What Luhrmann gives us in these 325 pages (along with copious end notes) is a very compelling look at how these more-intensely active Christians train themselves to spot daily signs of God’s presence—and build a congregational culture to reinforce that awareness. These days, learning “spiritual disciplines” and taking “spiritual direction” and recovering “religious traditions” is all the rage. Luhrman is explaining to the less-intense majority of Americans about the disciplines, directions and traditions used by these the more-intense Christian minority.

She does this by telling us lots of fascinating stories about people she has met, along the way. Although her book is based on painstaking research and mountains of detailed notes (she actually stresses that her notes formed an overwhelming pile), Luhrmann is not drawing hard-and-fast conclusions. This is not an article in a scientific journal. Rather, she closes her book inviting more research into this process that involves millions upon millions of men and women. She invites us to keep discussing these issues.

In fact, she raises tantalyzing questions that are perfect for group discussion. Late in the book, for example, she speculates that the ever-growing power of multi-media devices in our lives means “we practice living in multiple realities” every day. Perhaps our entire culture is training us to more easily appreciate mind-bending experiences—perhaps even opening us more easily to mysticism. If that sounds crazy, just jump back and read our 2009 interview with Catholic Father Thomas Keating—the godfather of contemplative centering prayer for Christians—in which we talked with Keating about his decision to produce a multimedia set of training materials. When Keating does this, we praise it as a revival of traditional Christian wisdom. Luhrmann is simply arguing that Pentecostals aren’t weirdos—they’re simply training themselves to experience God’s presence in their own distinctive ways.

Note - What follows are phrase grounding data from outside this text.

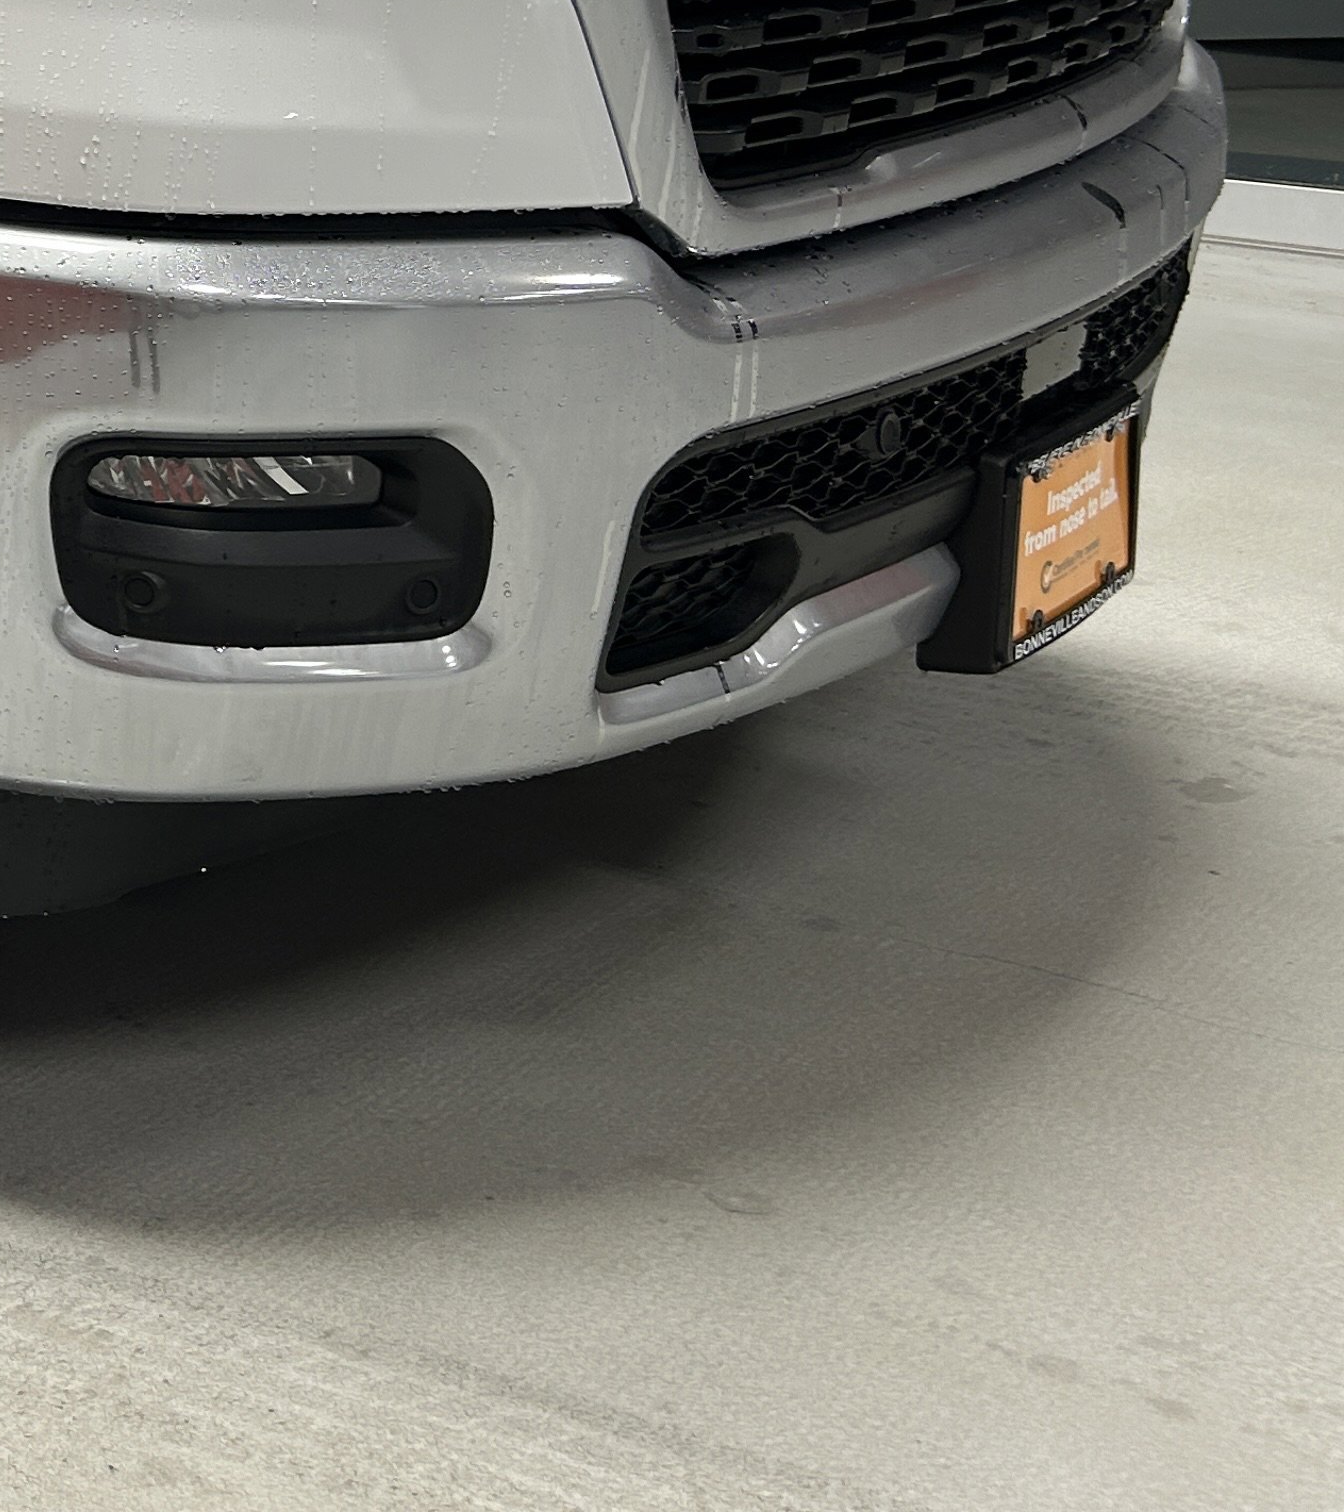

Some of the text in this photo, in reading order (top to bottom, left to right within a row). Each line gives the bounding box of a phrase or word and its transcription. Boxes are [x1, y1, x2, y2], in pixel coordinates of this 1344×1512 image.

[1046, 459, 1102, 515] Inspected
[1024, 524, 1057, 557] from
[1060, 506, 1086, 538] nose
[1088, 496, 1099, 519] to
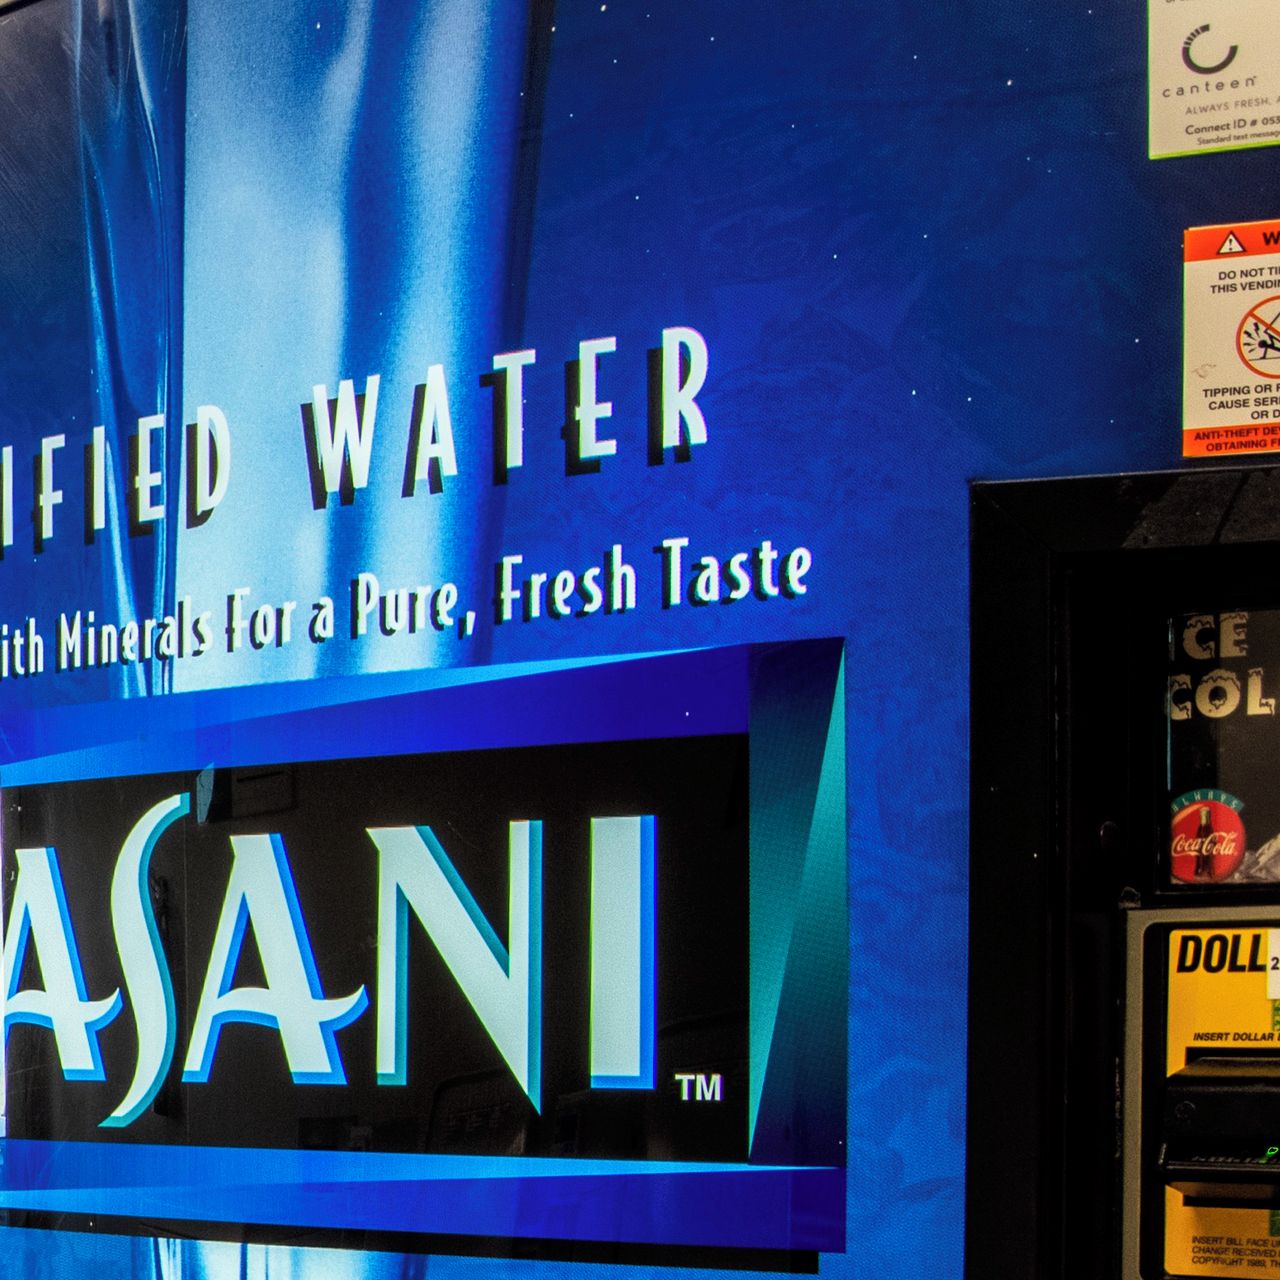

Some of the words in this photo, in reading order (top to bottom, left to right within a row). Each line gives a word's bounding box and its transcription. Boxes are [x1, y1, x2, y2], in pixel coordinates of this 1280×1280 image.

[1161, 77, 1255, 97] canteen
[1185, 102, 1229, 115] ALWAYS
[1185, 123, 1230, 135] Connect
[1234, 119, 1247, 129] ID
[1218, 271, 1237, 281] DO
[1240, 268, 1265, 279] NOT
[1268, 266, 1280, 276] TI
[1210, 283, 1238, 294] THIS
[1202, 386, 1251, 398] TIPPING
[1254, 384, 1273, 394] OR
[1208, 399, 1250, 410] CAUSE
[306, 326, 709, 503] WATER
[1251, 410, 1269, 420] OR
[1194, 428, 1260, 441] ANTI-THEFT
[1206, 439, 1267, 452] OBTAINING
[57, 595, 214, 671] Minerals
[227, 586, 298, 652] For
[308, 591, 336, 641] a
[353, 571, 477, 637] Pure,
[499, 544, 637, 625] Fresh
[661, 535, 813, 608] Taste
[1176, 933, 1267, 973] DOLL
[1193, 1032, 1230, 1041] INSERT
[1233, 1032, 1274, 1041] DOLLAR
[675, 1073, 722, 1101] TM
[1192, 1236, 1223, 1245] INSERT
[1192, 1246, 1230, 1255] CHANGE

Borrowing from St. Paul’s famous 1st letter to the Corinthians, Luhrmann writes: “We see through a glass darkly. There is much we do not know, even now, about spiritual experience. … The goal of this book is simply to help readers understand the problem of presence more deeply, to understand why it is a problem—why it can be hard for Christians to know when God has spoken—and to explain how, in this day and age, people are nonetheless able to identify that presence to experience it as real.”